Figure 2. TCR pairing modifications enhance APL recognition by HCV1406 TCR-transduced Jurkat E6.1 cells.

(a) CD8^- or CD8⁺ Jurkat E6.1 cells were engineered to express WT, DSB, LZ, or mCβ2 modified HCV1406 TCRs and immunomagnetically enriched for expression marker CD34 to ensure high and uniform transgene expression between groups. (b) Relative introduced HCV1406 TCR density was evaluated by tetramer binding. (c) CD8^- or (d) CD8⁺ Jurkat E6.1 cells were co-cultured with WT and naturally occurring mutant NS3 peptide-loaded T2 cells. (e) CD8^- or (f) CD8⁺ Jurkat E6.1 cells were co-cultured with WT and alanine-substituted NS3 peptide-loaded T2 cells.
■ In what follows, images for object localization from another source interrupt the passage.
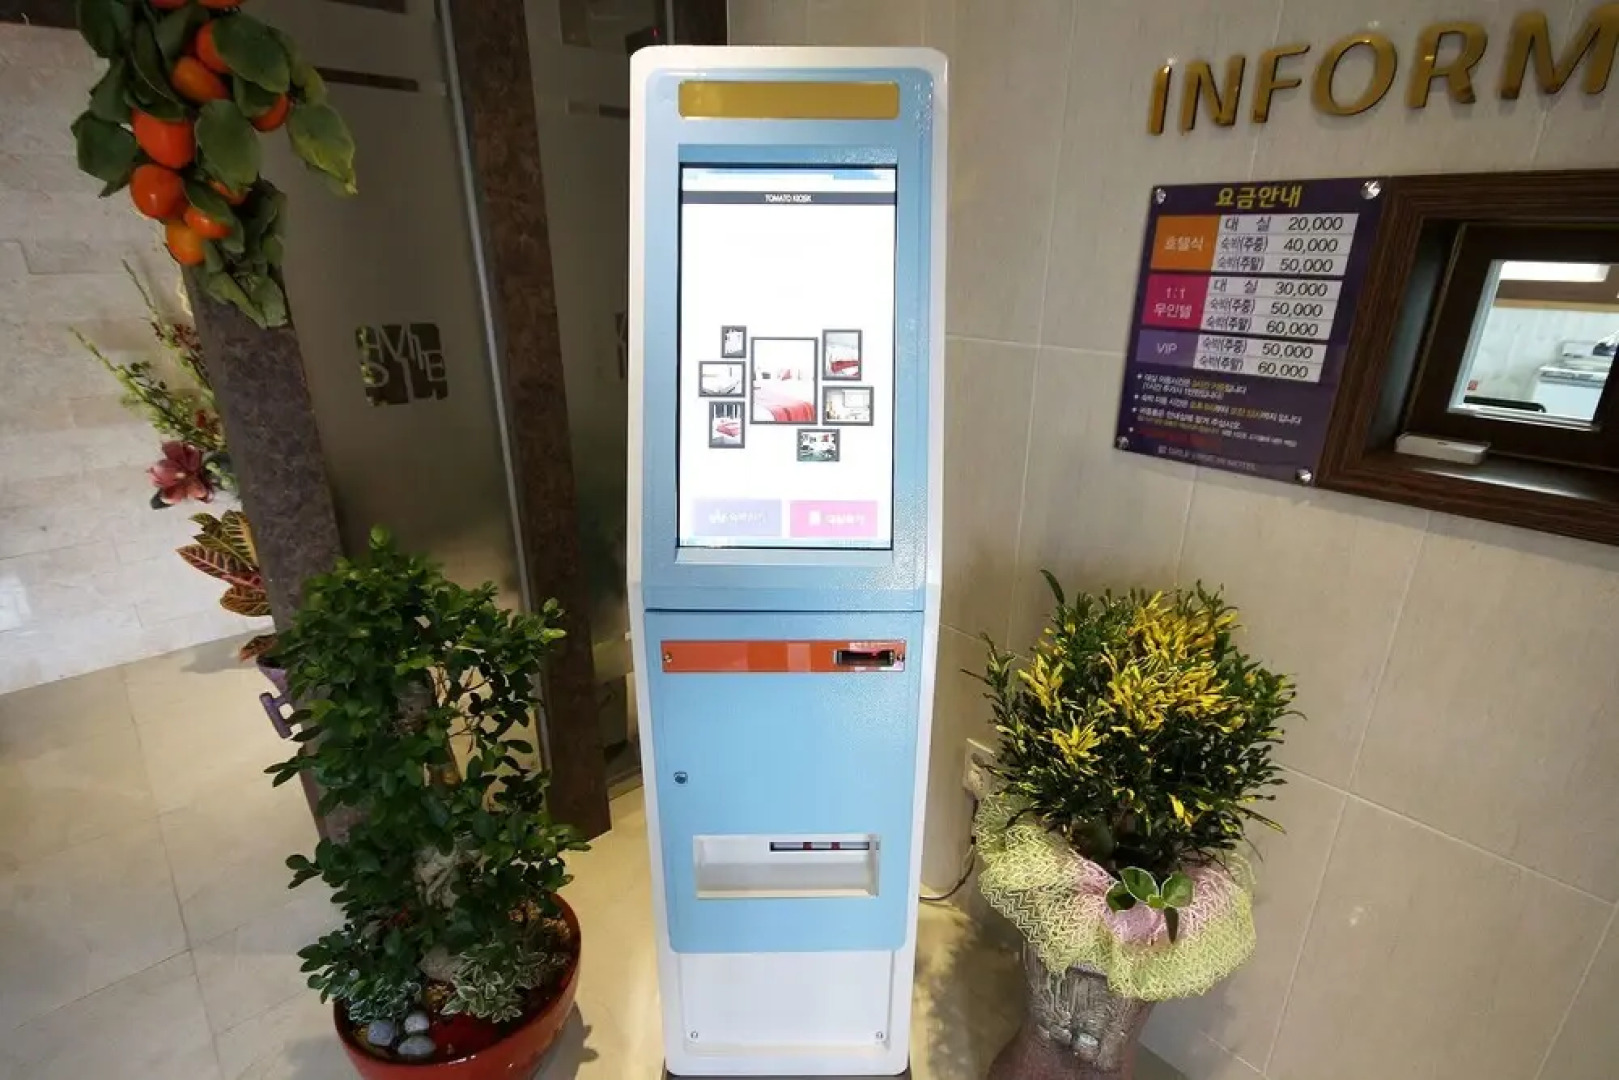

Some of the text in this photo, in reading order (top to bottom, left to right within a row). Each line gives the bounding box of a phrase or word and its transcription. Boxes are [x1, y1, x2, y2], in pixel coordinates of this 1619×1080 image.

[764, 193, 792, 203] TOMATO
[1215, 185, 1303, 210] 요금안내
[1288, 216, 1344, 233] 20,000
[1283, 237, 1339, 254] 40,000
[1279, 257, 1334, 274] 50,000
[1274, 281, 1329, 298] 30,000
[1270, 302, 1324, 318] 50,000
[1265, 319, 1319, 337] 60,000
[1156, 342, 1178, 355] VIP
[1261, 342, 1314, 360] 50,000
Fold change in cytokine release of each peptide substitution compared to WT sequence peptide is displayed. IL-2 release by WT (black bars), DSB (light gray bars), LZ (white bars), or mCβ2 (dark gray bars) TCR-transduced Jurkats was determined by ELISA. Mean and standard deviation of triplicate measurements are shown. APL are organized from by decreasing TCR-pMHC affinity, left to right. Significant differences in IL-2 release induced by modified TCRs compared to WT TCR are denoted *p<0.05. Data are representative of three independent experiments.